A winery production manager said he “won’t bother” answering a letter sent by the government to a million UK HGV licence holders including him, begging him to do lorry driving as a career.
Peter Brissenden, from Kent, said he received the letter yesterday and he is “absolutely not” planning on taking up the offer.
Brissenden took his HGV driving test three years ago just to be able to drive a motorhome, and thinks being invited to work as a lorry driver shows a “scattergun approach” by a “desperate government”.
He told The London Economic: “I’ve never actually driven an HGV commercially, and in fact I’ve not done all the qualifications to drive an HGV professionally, all I’ve done is just take the test that allows me to drive a motorhome.

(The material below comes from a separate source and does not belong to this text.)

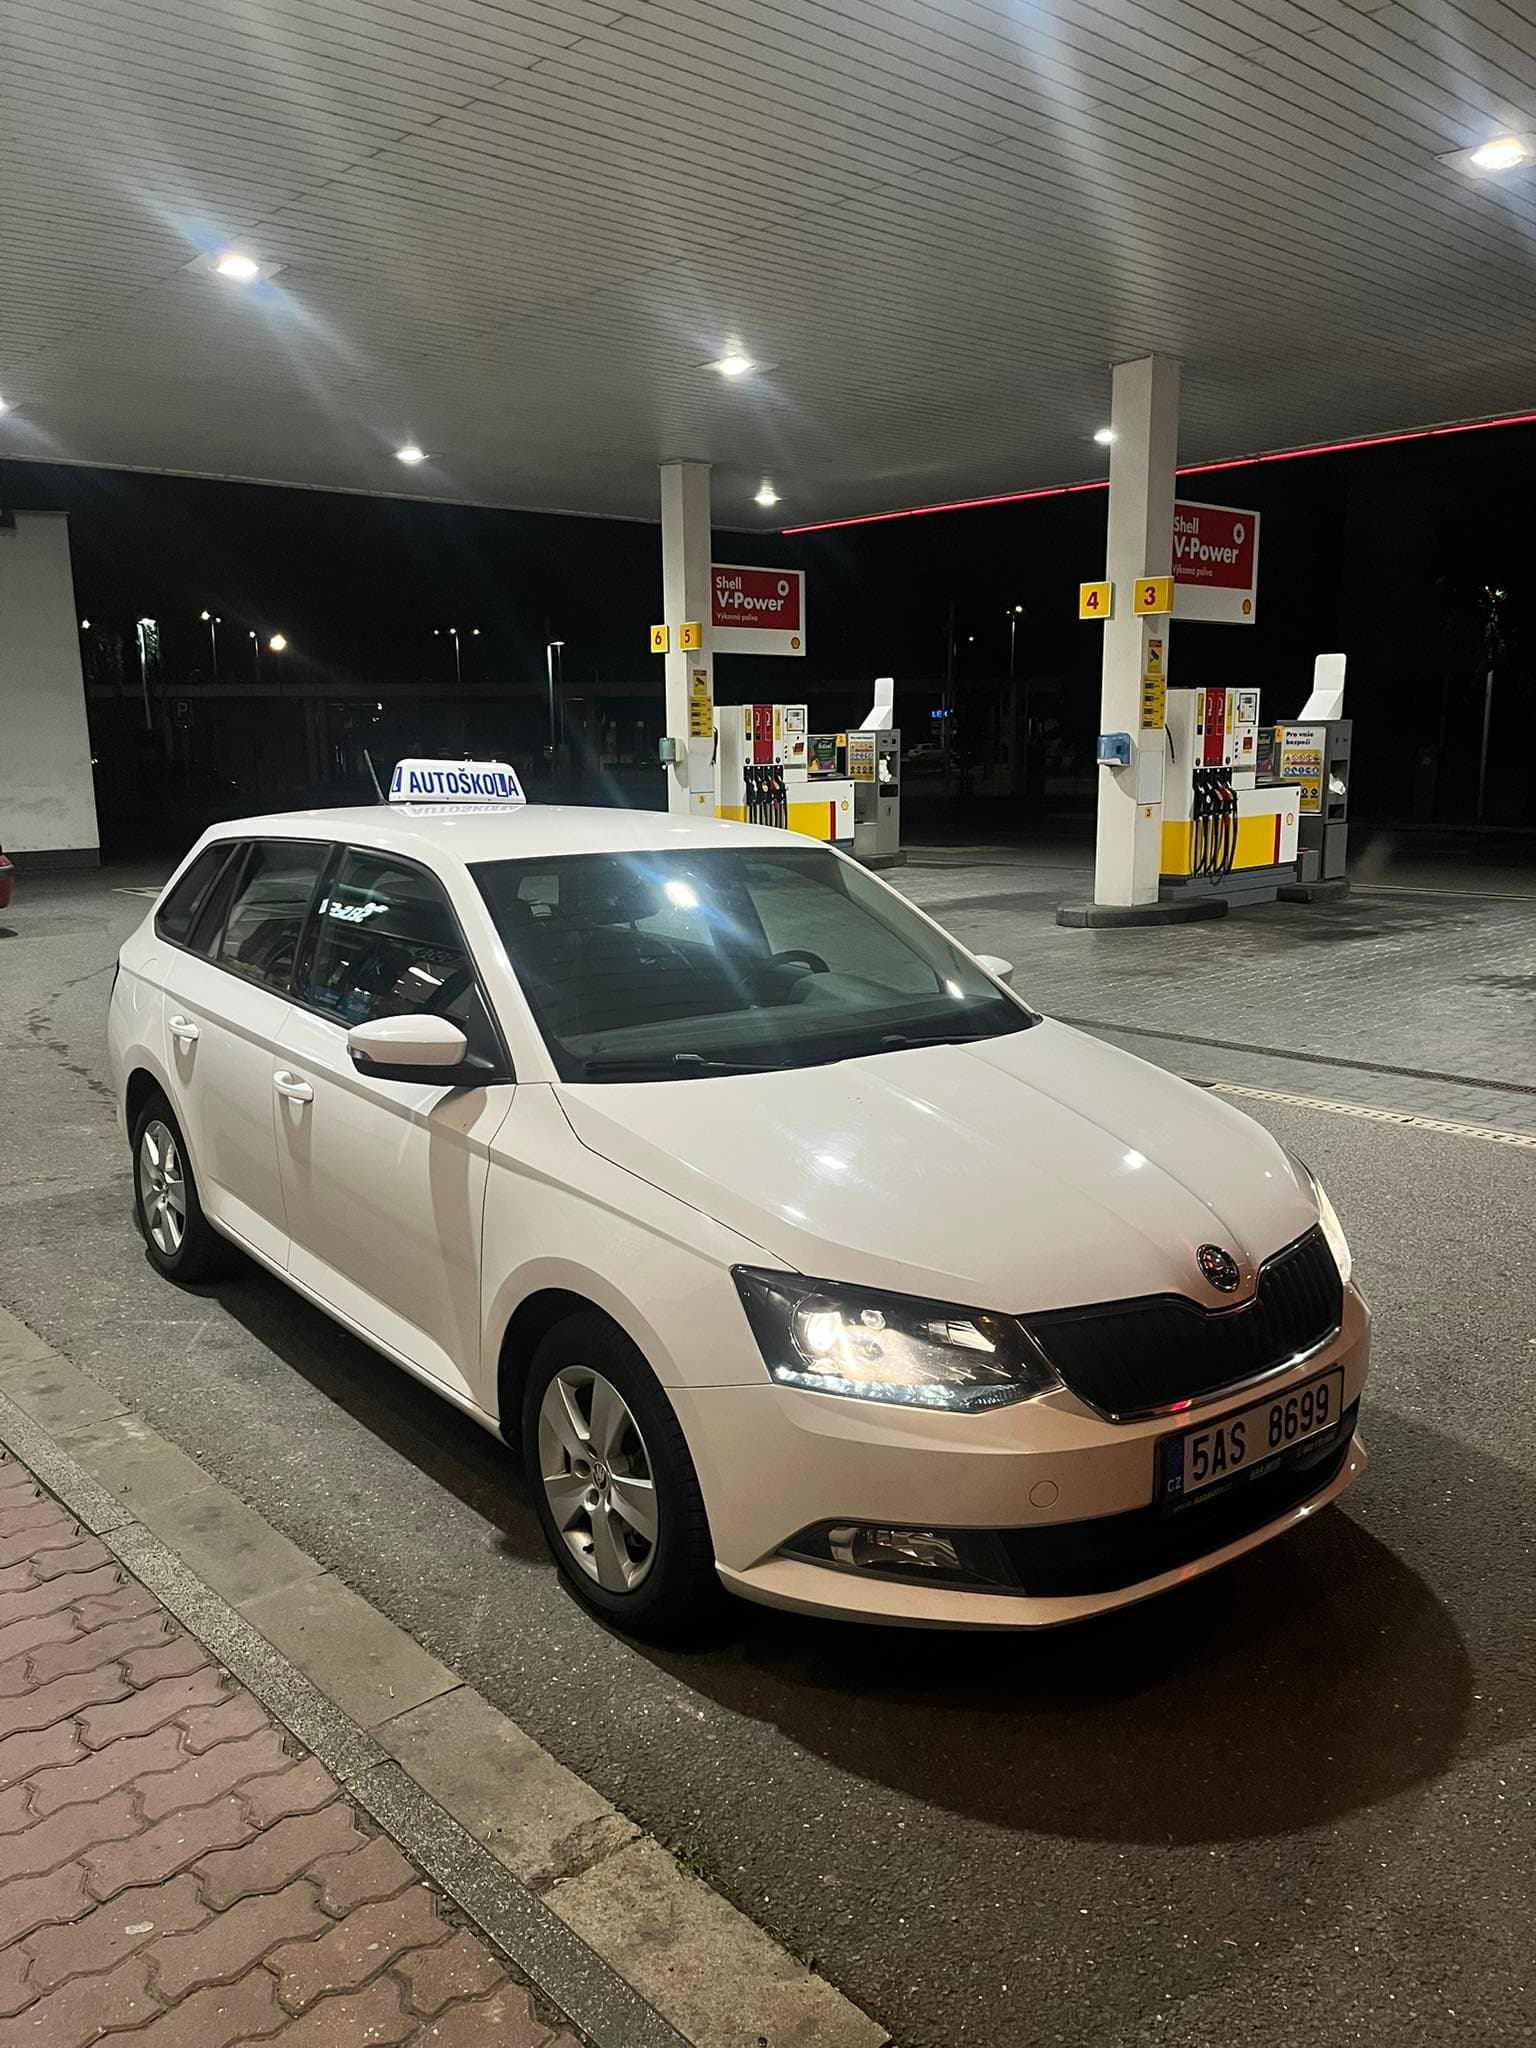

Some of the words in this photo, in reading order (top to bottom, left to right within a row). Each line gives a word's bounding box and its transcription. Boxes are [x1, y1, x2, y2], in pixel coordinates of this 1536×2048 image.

“It seems like they sent the letters out fairly willy nilly to just anyone who’s got the entitlement on their licence, rather than actually look at, did you use to work in the sector?”
Brissenden said the government could have targeted people better by looking at people’s records and seeing who has worked in the transport sector or at least has the CPC test required for commercial HGV driving.
He is not the only one to have been sent the invitation without having the required qualifications – paramedics and ambulance drivers have also been sent the letter, according to reports.
He said: “The letter I’ve been sent shows a complete scattergun approach by a government who are desperate to try and sort out a problem that’s completely of their own creation.
“Some of it is due to Covid, but obviously the vast majority, the reason why we’ve not got any foreign drivers in the UK, is because a lot of them went home post-Brexit.
He added: “Even if you are pro-Brexit, there’s an argument to say that skilled drivers are skilled, driving is a skilled occupation, should have been allowed to stay in the country.
“I don’t know what working conditions are like in the EU, but it can’t be worse than here.”
Brissenden thinks granting “last-minute visas” for people to come to the UK for three months will not attract EU drivers to come to the UK, because “they want to have a future”.
And he thinks the government should have seen the current problems coming “a long way off”, and that tackling working conditions and pay issues would have been possible whilst the UK was in the EU as well.
Brissenden said HGV drivers he knows are “entirely unsurprised” by the current crisis. “Everyone likes to have a bit of a whinge about the job sometimes but I have yet to meet a trucker who really enjoys doing what they do,” he added.
He is pleased with his current job, which he said is well paid and in a great industry.
“Why go earn less money to work in poorer conditions?,” he asked, saying all the truck drivers he knows through his job are “overworked and underpaid”.
“I don’t think HGV driving in the UK is an attractive career. It’s not glamorous, it’s hard work, long days, physical, not just sitting in a cab all day,” he continued.
Most drivers, he said, will be expected to load and unload trucks themselves, pushing pallets of heavy stuff and cope with the stress caused by big cities traffic and restrictions.
If they cannot unload their items, they have to sleep in their cab overnight, away from friends and family.
“I think you look at other jobs with that level of responsibility and that level of kind of attrition, and being away from home, you’d probably be paid a heck of a lot more,” he concluded.